Comment 20 by db posted on 8/3/2007 at 5:59 PM

this seems to work for me:
<cfset words = arrayToList(string.split('\s'))>
<cfset wordCount = structNew()>
<cfloop index="word" list="#words#">
<cfset wordCount[word] = ListValueCountNoCase(words, word)>
</cfloop>

Comment 21 by db posted on 8/3/2007 at 7:28 PM

no, that's not right - its including punctuation as part of the word. so i tried with the "hatin'" list and got this working:
<cfset words = arrayToList(string.split("\.?[[^()]\s&&([""()][\s])]"))>

Comment 22 by Johnny posted on 8/4/2007 at 11:31 PM

Wouldn't this work?

<cfset wordcount = structNew()/>
<cfloop list="#string#" delimiters=' ,"' index="word">
<cfset word = replaceList(word,"',.","")/>
<cfif structKeyExists(wordCount, word)>
<cfset wordCount[word] = wordCount[word] + 1/>
<cfelse>
<cfset wordCount[word] = 1/>
</cfif>
</cfloop>

Comment 23 by Mike Cohen posted on 8/25/2008 at 8:06 PM

Why not just do:

<cfset myString = "blah blah blah bldfadsff fd ">
<cfset mCounter = stringToArray(myString,"a")>
<cfset numberOfAs = arraylen(mcounter)>

?

Comment 24 by todd sharp posted on 8/25/2008 at 8:25 PM

Unless I'm missing something in an earlier comment, there is no strintToArray() function in ColdFusion...

Comment 25 by todd sharp posted on 8/25/2008 at 8:26 PM

Make that stringToArray()...

Comment 26 by D. Davis posted on 2/24/2009 at 3:54 AM

Nice article, and thanks guys for the different ways of doing this.

Wanted to note: the sort on this ("textnocase") needs to be "numeric","desc" otherwise you're not getting your top numbers right (ie, textnocase sort would look like 4,3,20,17).

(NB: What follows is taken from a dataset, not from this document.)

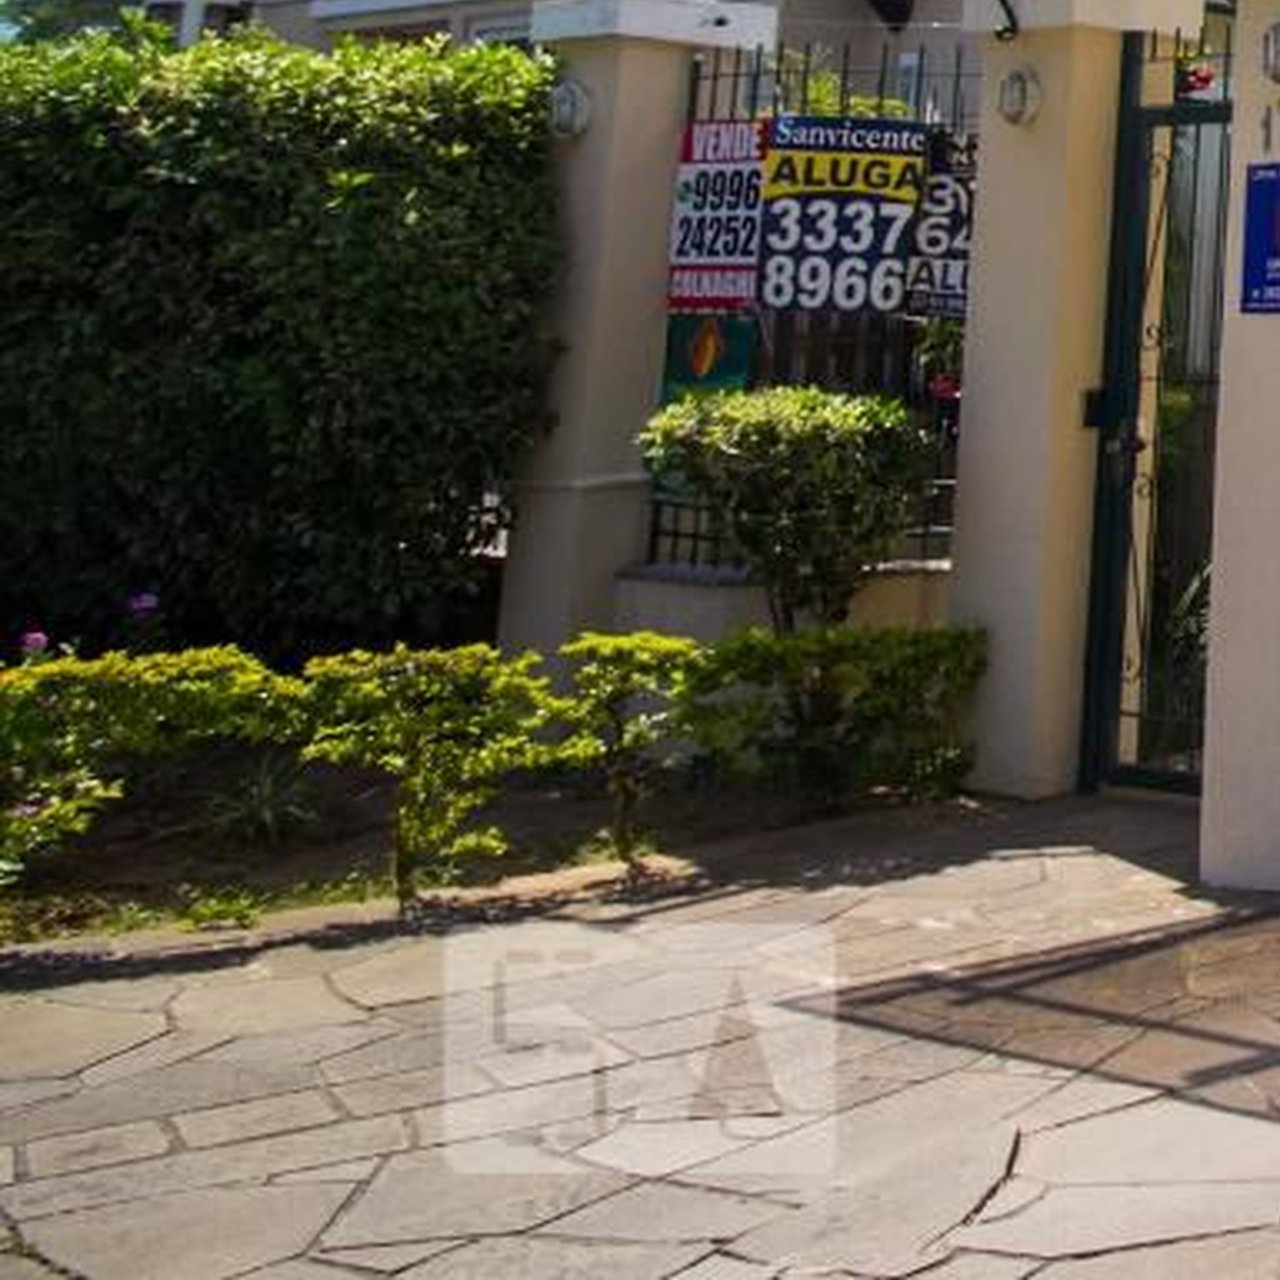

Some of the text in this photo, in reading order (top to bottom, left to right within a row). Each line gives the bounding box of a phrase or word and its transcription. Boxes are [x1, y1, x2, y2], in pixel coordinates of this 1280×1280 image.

Great code on this as a first step to making a word cloud, looping it on DB-pulled text fields.

Comment 27 by Raymond Camden posted on 2/26/2009 at 3:10 AM

Oops. Thanks D. Fixed in the code above.

Comment 28 by Bryan posted on 4/21/2010 at 8:49 PM

Doesn't seem to be returning carriage returns for me. Any fixes?

Comment 29 by Raymond Camden posted on 4/21/2010 at 10:25 PM

What do you mean? Why would it return carriage returns? It returns the number of words.

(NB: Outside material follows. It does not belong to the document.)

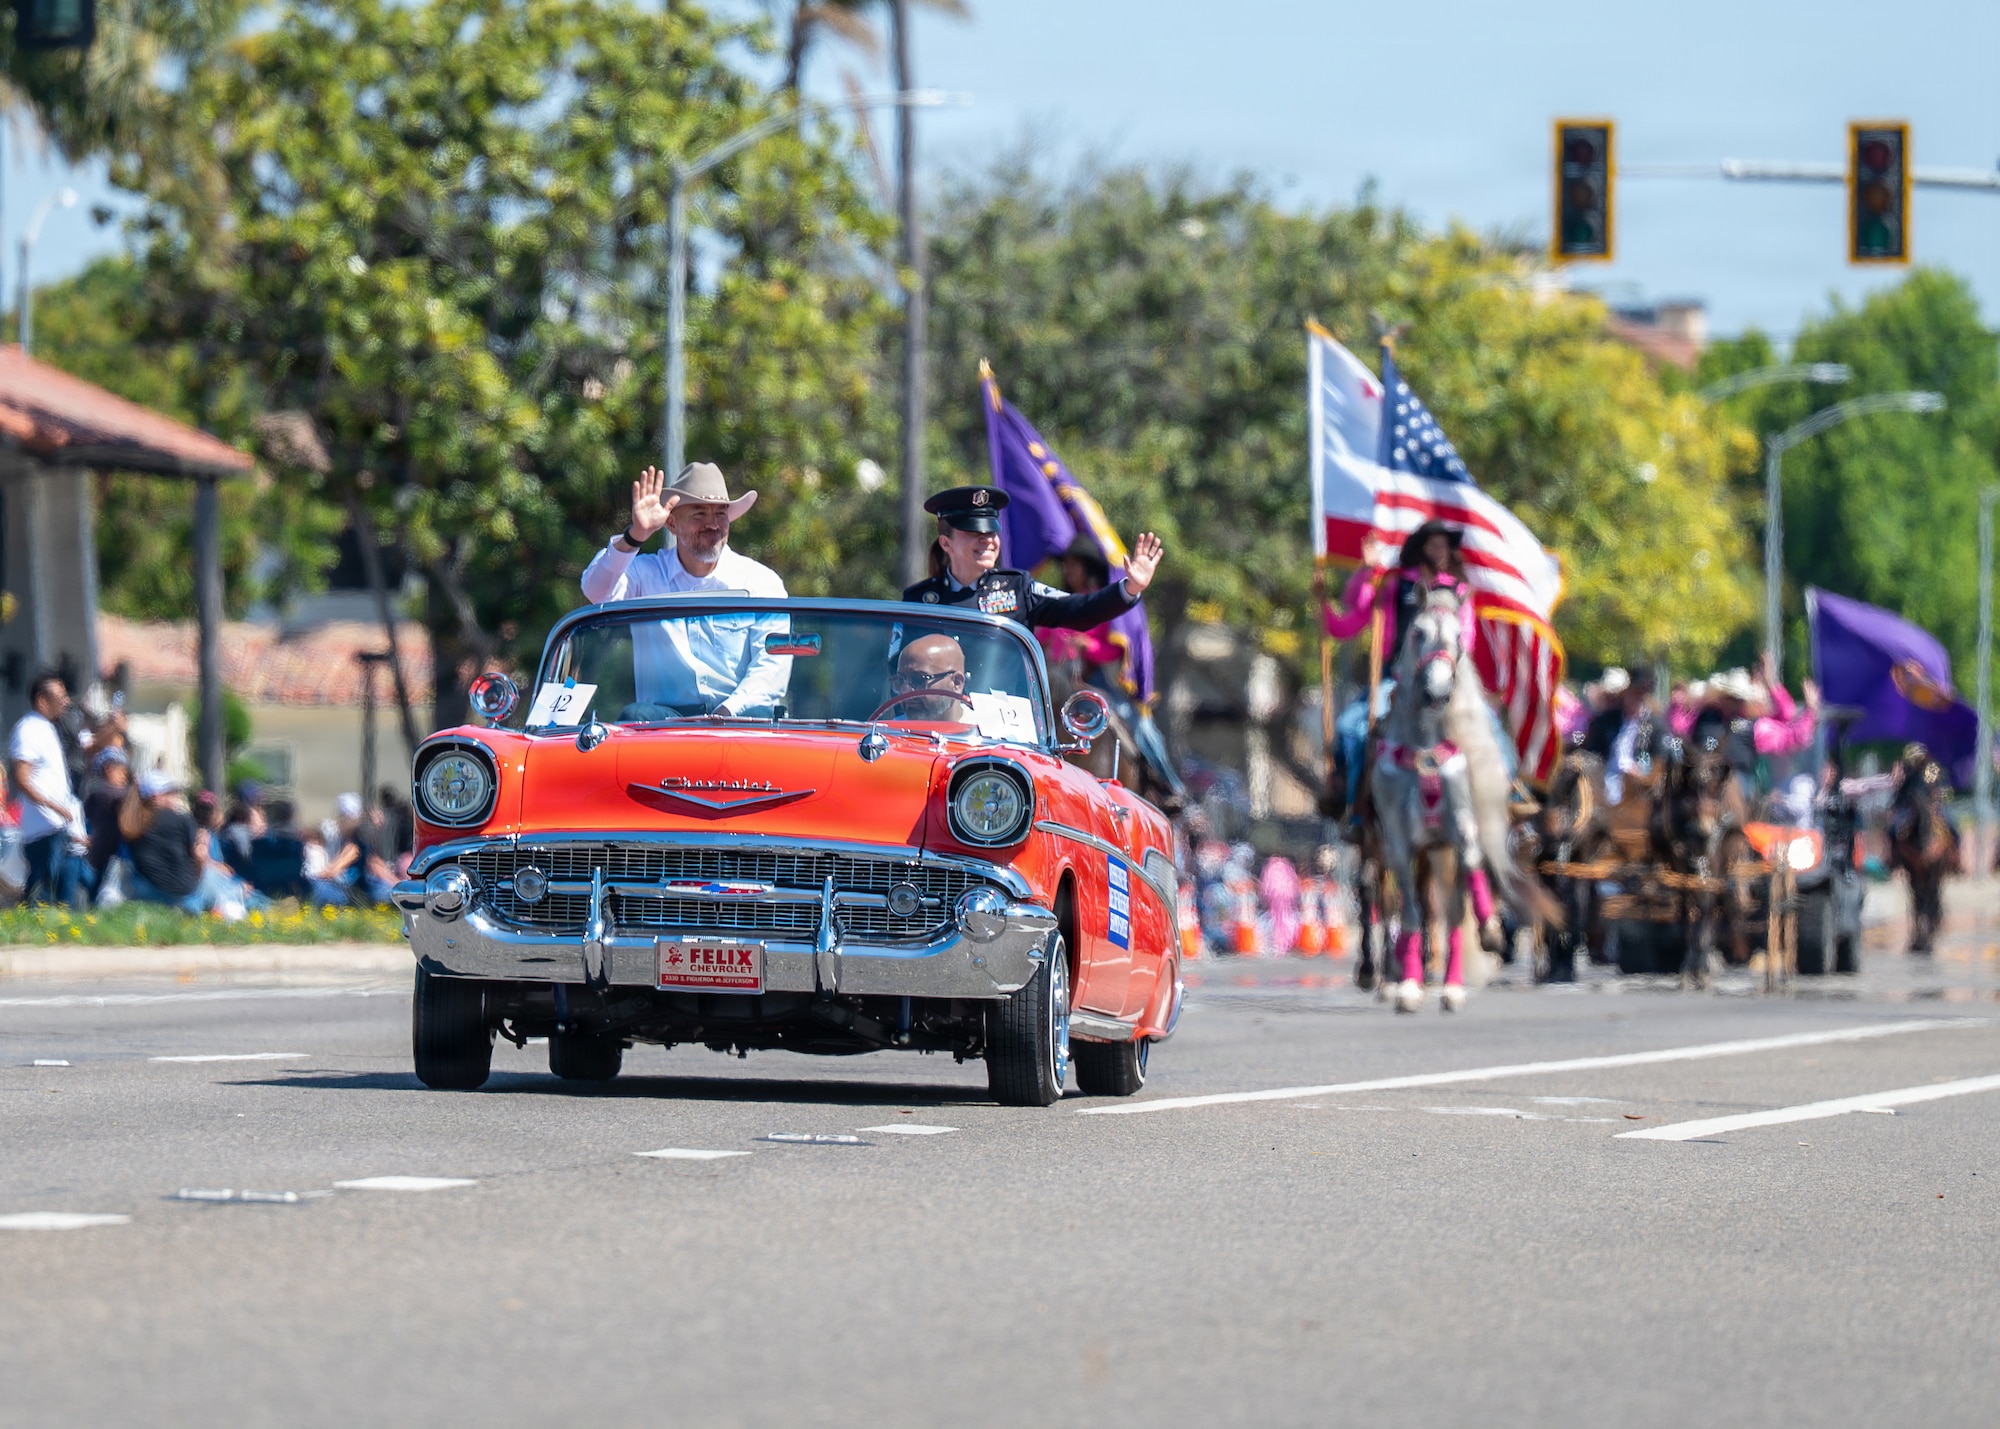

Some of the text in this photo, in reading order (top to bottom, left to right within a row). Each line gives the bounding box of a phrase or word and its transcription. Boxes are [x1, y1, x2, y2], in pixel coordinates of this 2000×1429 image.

[549, 694, 573, 712] 42
[690, 948, 752, 966] FELIX
[690, 964, 753, 974] CHEVROLET

Comment 30 by Mark Brodsky posted on 6/23/2011 at 9:03 PM

How about ListValueCount(list, value [, delimiters ])

I was trying to find out how many HRs I had in a text string in a DB column (which would show how many entries I recorded for the view history of a certain page), and this seemed to do the trick, like this:

<pre><cfset histcount = ListValueCount(list.history, "hr", "<,>")></pre>

Comment 31 by Raymond Camden posted on 6/25/2011 at 1:53 AM

What value would you use though?

Comment 32 by Lina Haddad posted on 10/25/2011 at 7:37 PM

i solved it like this ,(using getToken) i am assuming that we should have space at least between 2 words,,Does any body see any issue with that?
<cfsavecontent variable="string">
This is a paragraph with some text in it. Certain words will be repeated, and other words
will not be repeated. The question is though, how much can I write before I begin to sound
like a complete and utter idiot. Let's call that the "Paris Point". At the Paris Point, any
further words sound like gibberish and are completely worthless.
</cfsavecontent>
<cfset word="let's" />
<cfset i=1 />
<cfset countOfword=0 />
<cfloop condition="#getToken(string,i,' ')# neq ''">
<cfif #getToken(string,i,' ')# eq #word#><cfset countOfword=countOfword+1 /></cfif>
<cfset i=i+1 />
</cfloop>
<cfoutput>#countOfword#</cfoutput>

Comment 33 by Ken Gladden posted on 10/27/2011 at 12:42 PM

Back to the point about how to include "-" and O'Conner use [:print:] instead of [:word:]. Works wonders for me!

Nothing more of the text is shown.